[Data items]
====

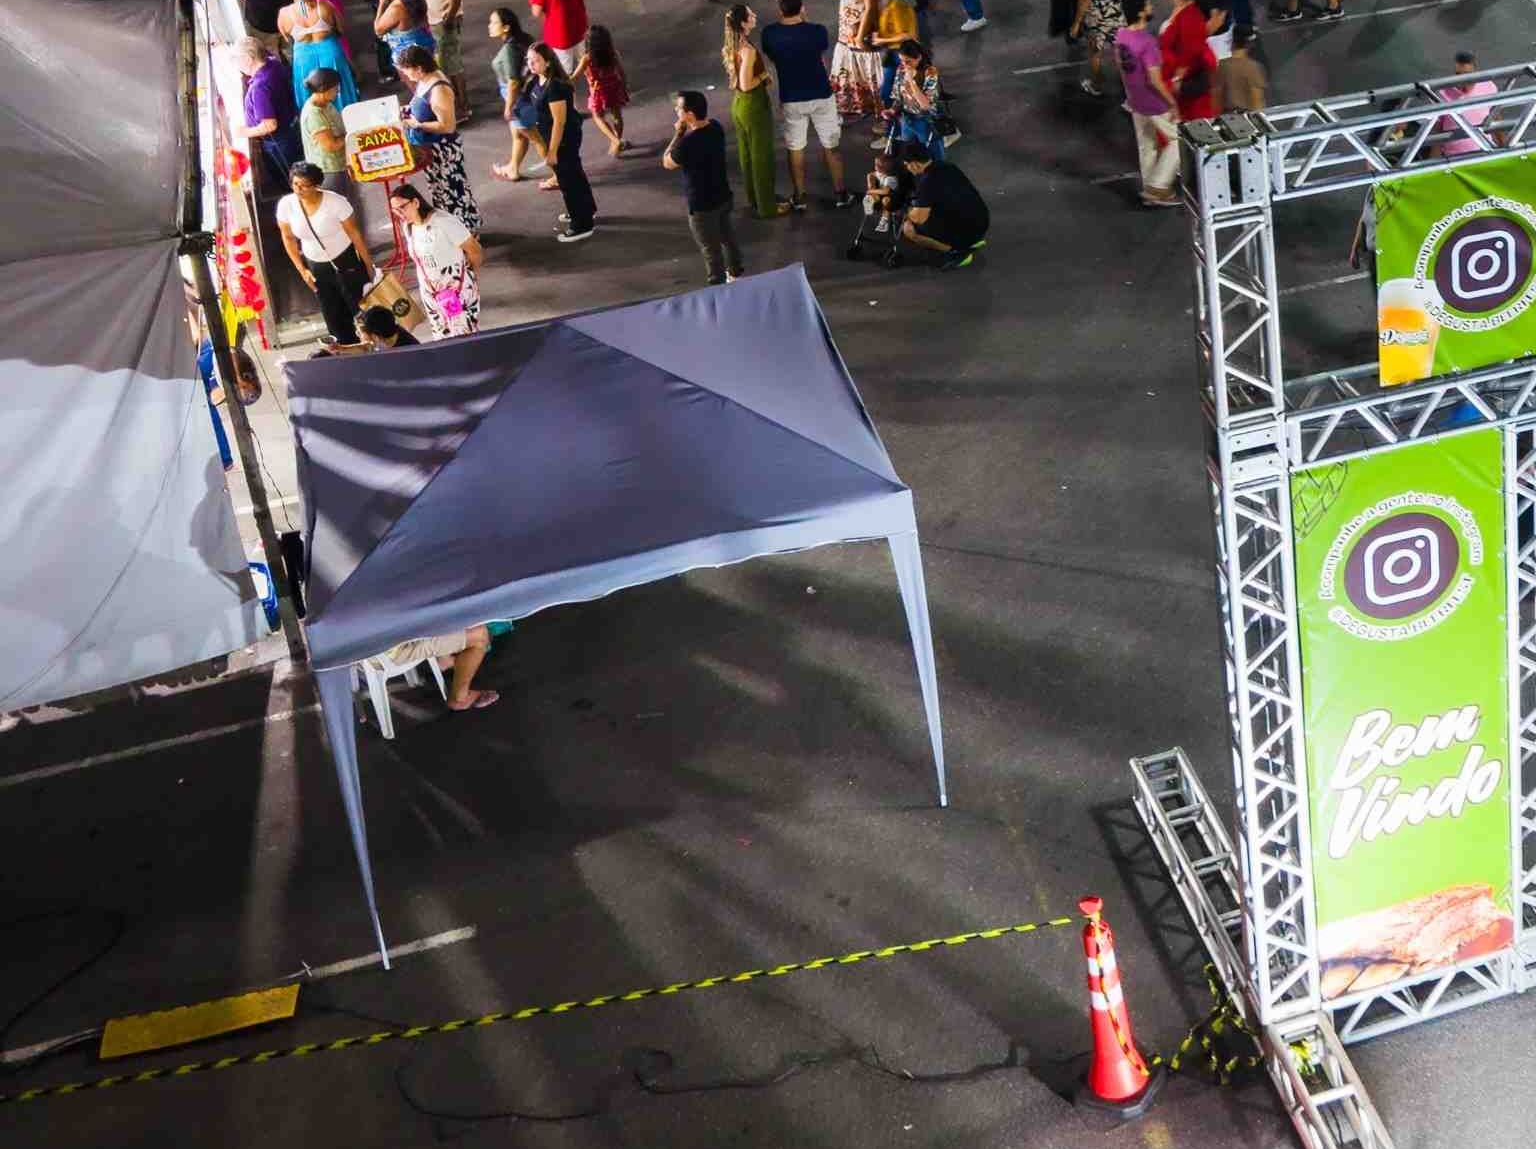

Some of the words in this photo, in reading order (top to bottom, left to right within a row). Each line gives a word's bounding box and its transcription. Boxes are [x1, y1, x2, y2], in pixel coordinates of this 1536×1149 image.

[357, 130, 400, 149] CAIXA
[1330, 704, 1481, 790] Bem
[1328, 743, 1502, 860] Vindo
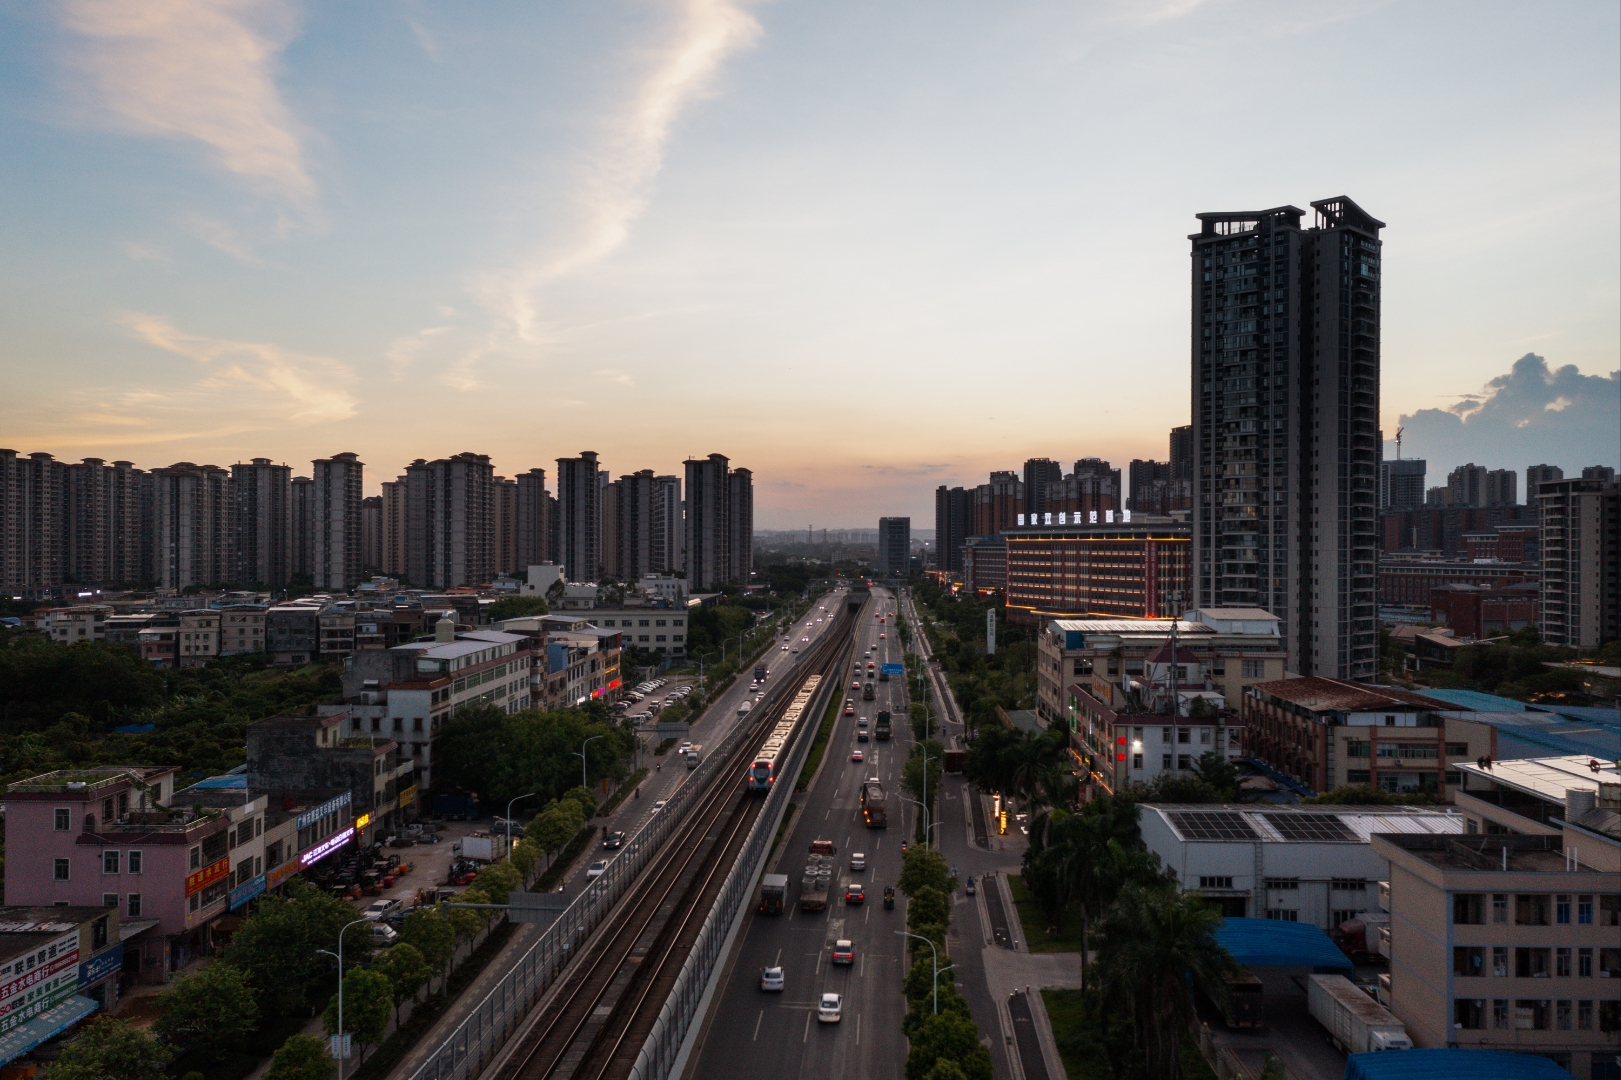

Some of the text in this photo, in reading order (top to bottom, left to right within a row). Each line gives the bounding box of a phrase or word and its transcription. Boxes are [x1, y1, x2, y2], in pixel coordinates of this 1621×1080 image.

[1017, 509, 1131, 526] 国家双创示范基地
[14, 944, 57, 975] 联塑管道
[1, 965, 50, 999] 五金水电商行
[1, 996, 50, 1032] 五金水电商行
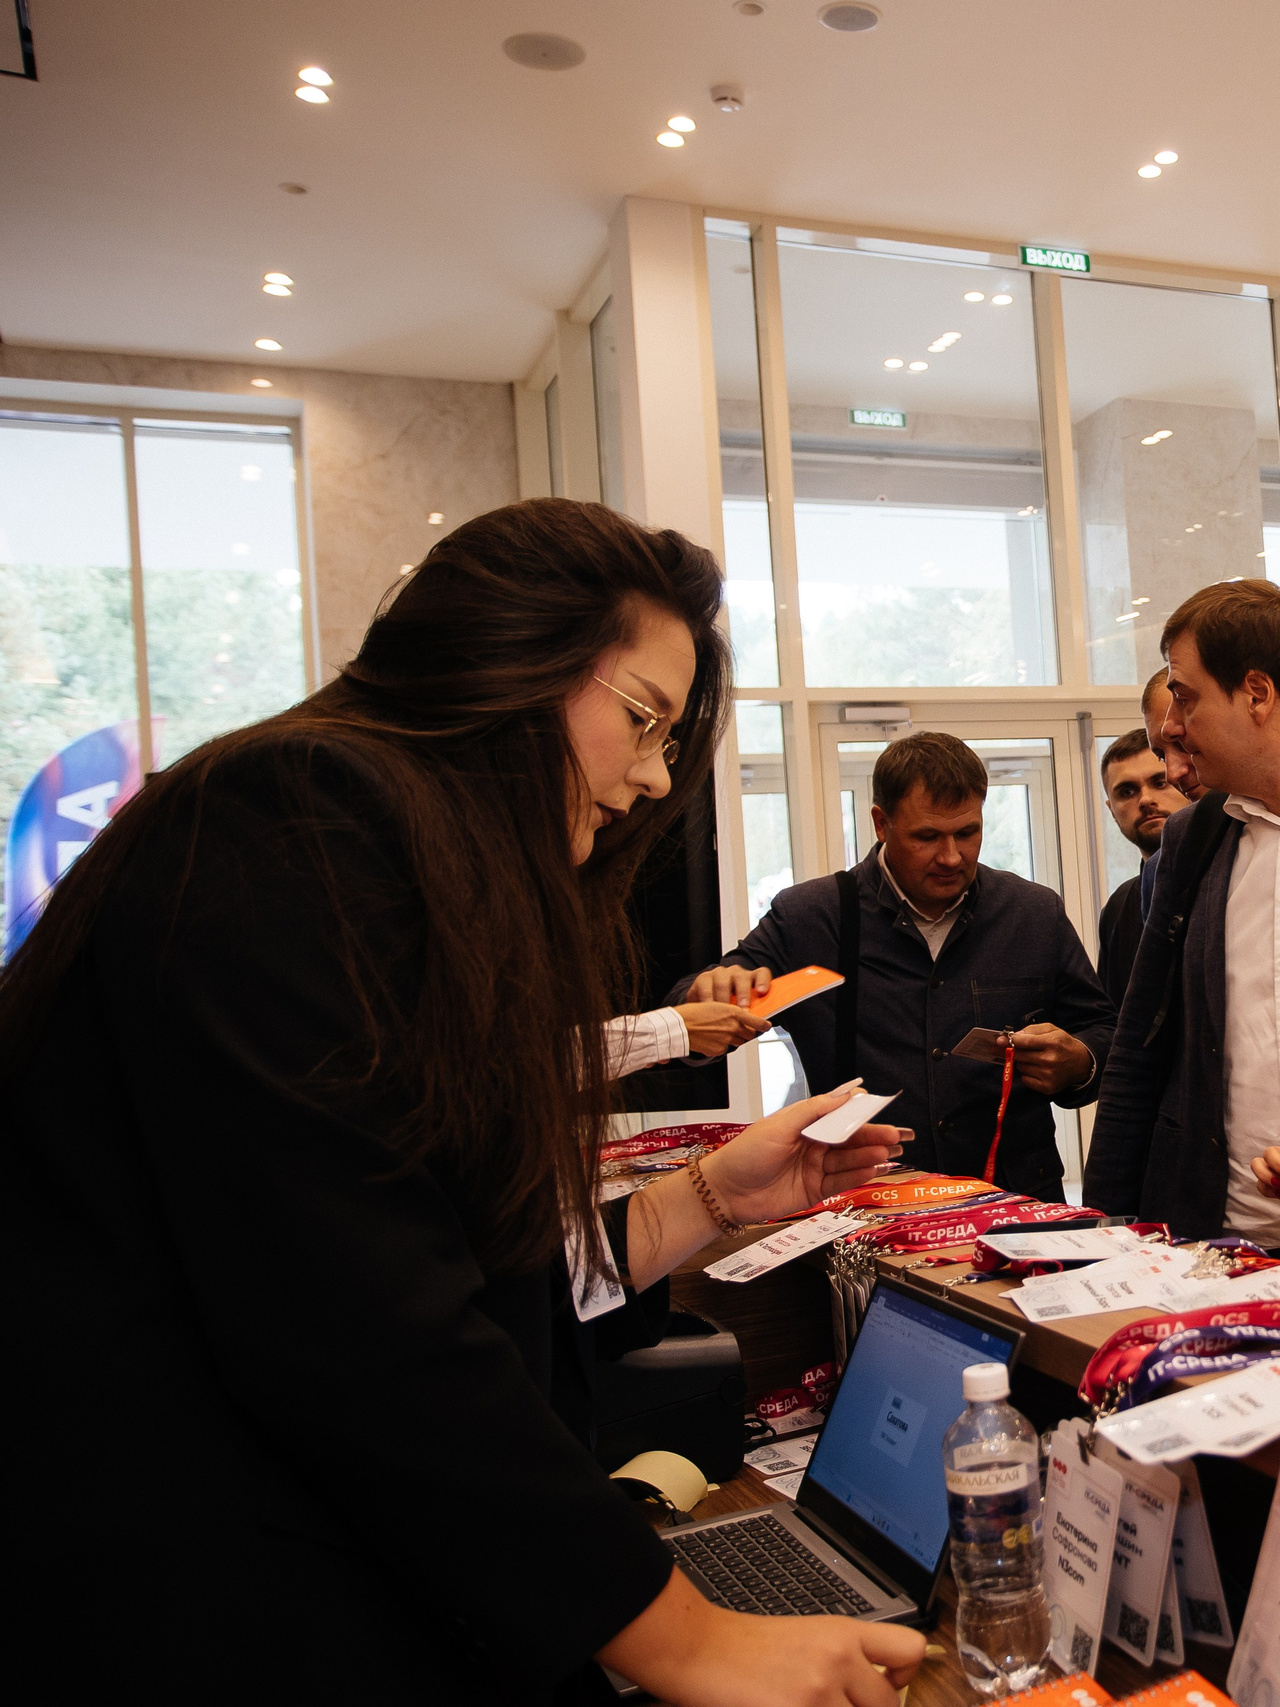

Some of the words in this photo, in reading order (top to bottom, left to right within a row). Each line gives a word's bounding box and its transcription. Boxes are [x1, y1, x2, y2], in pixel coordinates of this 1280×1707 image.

[1026, 248, 1087, 271] ВЫХОД
[854, 410, 903, 427] ВЫХОД
[871, 1190, 899, 1201] OCS
[914, 1184, 975, 1198] IT-СРЕДА
[908, 1223, 977, 1241] IT-СРЕДА
[1210, 1312, 1249, 1326] OCS
[1148, 1353, 1248, 1381] IT-СРЕДА
[1056, 1511, 1098, 1552] Екатерина
[1051, 1527, 1098, 1572] Сафронова
[1057, 1555, 1086, 1586] N3com

====

• **What you are asked to do**
Reproduce each line of the records exactly, and omit every picture.

• **Response for this exercise**
Some of the words in this photo, in reading order (top to bottom, left to right within a row). Each line gives a word's bounding box and its transcription. Boxes are [x1, y1, x2, y2], in pixel coordinates of this 1536×1149 image.

[357, 130, 400, 149] CAIXA
[1330, 704, 1481, 790] Bem
[1328, 743, 1502, 860] Vindo

Some of the text in this photo, in reading order (top to bottom, left to right within a row). Each line gives the bounding box of a phrase or word and its transcription. Boxes are [x1, y1, x2, y2], in pixel coordinates of this 1621×1080 image.

[1017, 509, 1131, 526] 国家双创示范基地
[14, 944, 57, 975] 联塑管道
[1, 965, 50, 999] 五金水电商行
[1, 996, 50, 1032] 五金水电商行

Some of the words in this photo, in reading order (top to bottom, left to right within a row). Each line gives a word's bounding box and its transcription. Boxes are [x1, y1, x2, y2], in pixel coordinates of this 1280×1707 image.

[1026, 248, 1087, 271] ВЫХОД
[854, 410, 903, 427] ВЫХОД
[871, 1190, 899, 1201] OCS
[914, 1184, 975, 1198] IT-СРЕДА
[908, 1223, 977, 1241] IT-СРЕДА
[1210, 1312, 1249, 1326] OCS
[1148, 1353, 1248, 1381] IT-СРЕДА
[1056, 1511, 1098, 1552] Екатерина
[1051, 1527, 1098, 1572] Сафронова
[1057, 1555, 1086, 1586] N3com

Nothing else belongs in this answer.